Site information
- Type: Military airfield
- Controlled by: United States Army Air Forces

Location
- Serretella Airfield Location of Serretella Airfield, Italy
- Coordinates: 40°36′30.41″N 014°58′57.94″E﻿ / ﻿40.6084472°N 14.9827611°E (Approximate)

Site history
- Built: 1943
- In use: 1943

= Serretella Airfield =

Italian WWII airfield

Serretella Airfield is an abandoned World War II military airfield in southeast Italy, which is located in the vicinity of Battipaglia in the province of Salerno in the Campania region of south-western Italy. Its precise location is undetermined.

It was an all-weather temporary field built by the XII Engineer Command using a graded earth compacted surface, with a prefabricated hessian (burlap) surfacing known as PHS. PHS was made of an asphalt-impregnated jute which was rolled out over the compacted surface over a square mesh track (SMT) grid of wire joined in 3-inch squares. Pierced Steel Planking was also used for parking areas, as well as for dispersal sites, when it was available.

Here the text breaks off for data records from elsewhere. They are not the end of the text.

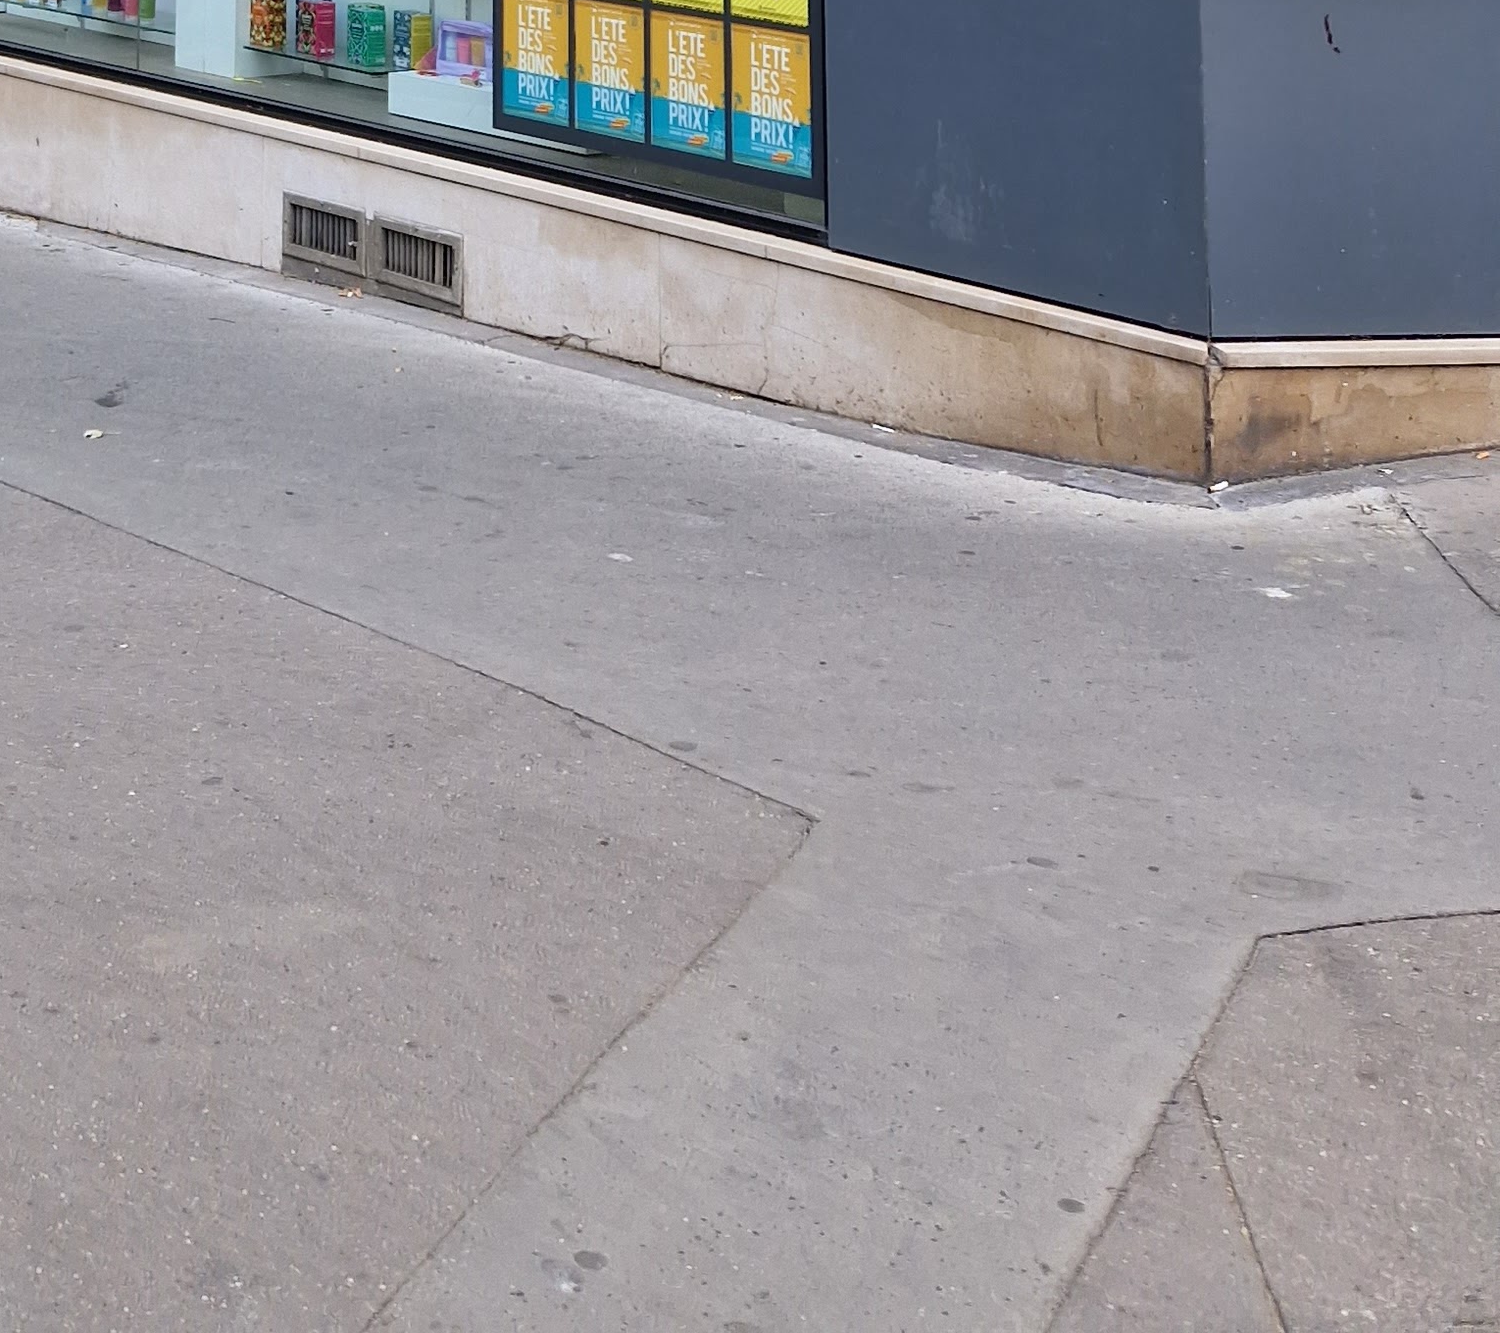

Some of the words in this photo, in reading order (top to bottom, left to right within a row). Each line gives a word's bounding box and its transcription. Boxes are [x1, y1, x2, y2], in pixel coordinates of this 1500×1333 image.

[518, 26, 543, 52] DES
[591, 39, 618, 65] DES
[518, 50, 554, 77] BONS
[591, 63, 629, 90] BONS
[668, 53, 696, 80] DES
[668, 78, 709, 106] BONS
[751, 67, 780, 95] DES
[751, 92, 793, 122] BONS

In addition, tents were used for billeting and also for support facilities; an access road was built to the existing road infrastructure; a dump for supplies, ammunition, and gasoline drums, along with a drinkable water and minimal electrical grid for communications and station lighting.

Once completed it was turned over for use by the United States Army Air Force Twelfth Air Force 86th Bombardment Group from 12 October though 19 November 1943, flying combat operations with A-36 Apaches.

When the 86th moved out the airfield was closed and dismantled. Today, the location of the airfield is undetermined.